Only a few miles below Elk River Dam is the beginning of slack water (Tims Ford Lake) caused by the Tims Ford Dam of the Tennessee Valley Authority. The slack water extends upstream to the vicinity of Estill Springs. It is then bridged by U.S. Route 41 Alternate. Backwaters of the Tims Ford project also extend into the nearby town of Winchester, county seat of Franklin County, even though the main channel of the Elk runs to its west, bridged by State Route 130. A considerable amount of leakage from the reservoir is observed along State Route 50 in the form of what appear to be large springs along the north side of that road but are in fact leaking of the reservoir waters through the porous limestone rock of the area. This phenomenon has resulted in a locally-popular source of water for livestock and other uses for which filtration and treatment of the water to be used is unnecessary. State Route 50 again crosses the Elk just below Tims Ford Dam.

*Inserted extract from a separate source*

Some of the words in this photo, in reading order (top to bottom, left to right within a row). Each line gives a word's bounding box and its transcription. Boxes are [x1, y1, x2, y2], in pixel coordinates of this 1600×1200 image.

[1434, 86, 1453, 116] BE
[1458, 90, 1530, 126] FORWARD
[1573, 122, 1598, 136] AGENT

Shortly below the dam, the stream becomes the boundary between Franklin County and Moore County, and then subsequently between Moore County and Lincoln County. The stream begins to meander severely. It is bridged near the small community of Kelso, site of a cave used as a saltpeter mine by Confederates during the Civil War, by U.S. Highway 64. The Elk flows just south of Fayetteville, where it is bridged by U.S. Route 231/431. Until the late 1960s there was a "dry" stone masonry bridge (one in which the stones are held in place by the power of gravity forcing them against each other, not mortar) over the Elk; it was destroyed in a flood. Several miles west of Fayetteville, it is crossed by State Route 274, a highway built on an old railroad bed. It then crosses into Giles County, where it is bridged by CSX Transportation and Interstate 65 before flowing just south of Elkton, Tennessee, where it is bridged by U.S. Highway 31. A few miles below this point it crosses into Limestone County, Alabama, where it meets the Tennessee River.

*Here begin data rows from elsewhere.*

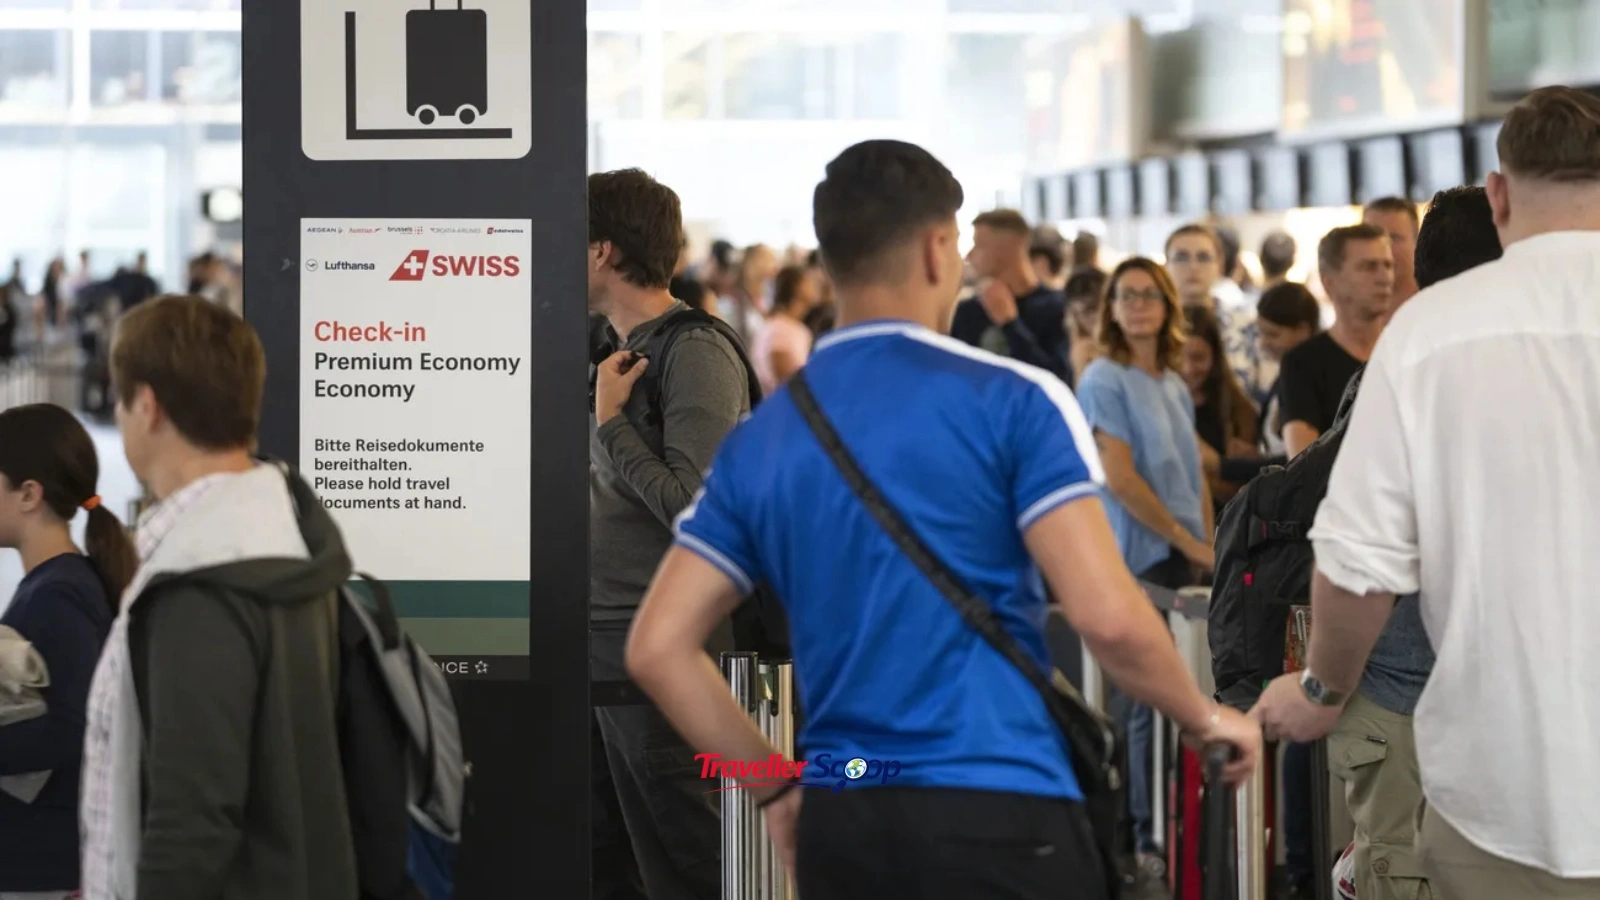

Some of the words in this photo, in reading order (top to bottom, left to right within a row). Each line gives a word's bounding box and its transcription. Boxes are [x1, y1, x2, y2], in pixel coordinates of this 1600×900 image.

[324, 261, 375, 270] Lufthansa
[432, 255, 520, 277] SWISS
[314, 320, 426, 342] Check-in
[314, 352, 413, 371] Premium
[420, 352, 521, 375] Economy
[314, 379, 415, 402] Economy
[314, 438, 351, 452] Bitte
[355, 438, 485, 452] Reisedokumente
[314, 457, 412, 471] bereithalten.
[314, 476, 364, 490] Please
[368, 476, 401, 490] hold
[406, 476, 450, 490] travel
[404, 497, 420, 509] at
[424, 496, 467, 509] hand.
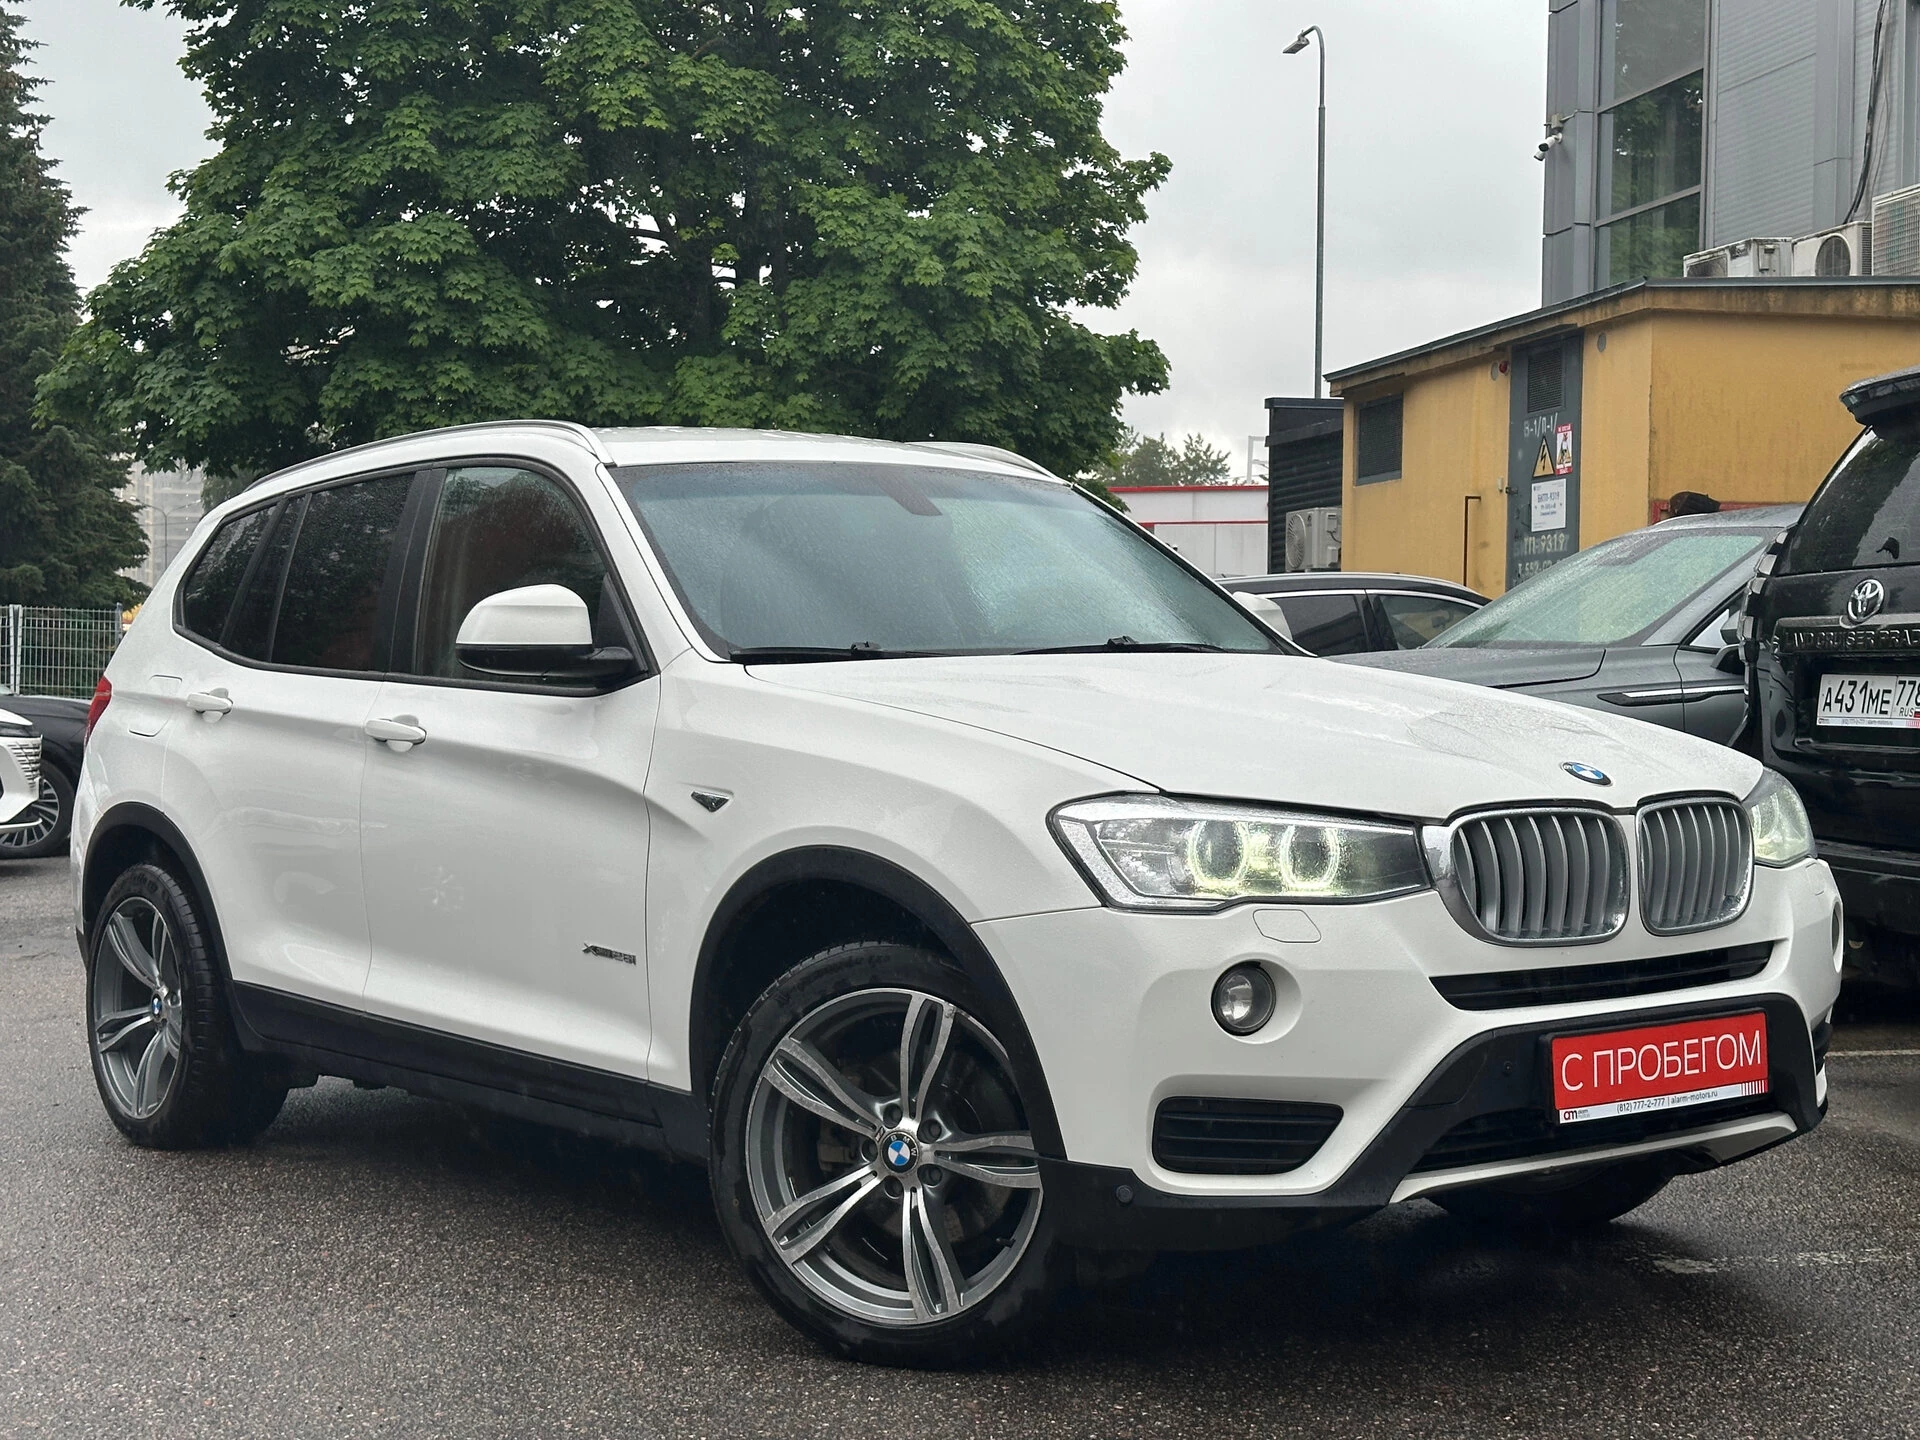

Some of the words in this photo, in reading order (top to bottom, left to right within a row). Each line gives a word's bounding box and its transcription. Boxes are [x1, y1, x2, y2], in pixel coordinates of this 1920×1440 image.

[1899, 707, 1914, 718] RUS
[1561, 1053, 1584, 1092] С
[1593, 1030, 1761, 1088] ПРОБЕГОМ
[1616, 1102, 1633, 1114] (812)

There are actually two Elk Rivers in Tennessee, the smaller of which is located in northeast Tennessee. This Elk River flows from the back side of Beech Mountain, North Carolina through Carter County, Tennessee and empties into Watauga Lake.
In Limestone County, Alabama there is a 21.9 miles (35.2 km) Canoe and Kayak Trail. The trail begins at the Alabama-Tennessee state line and goes to Elk River Mills.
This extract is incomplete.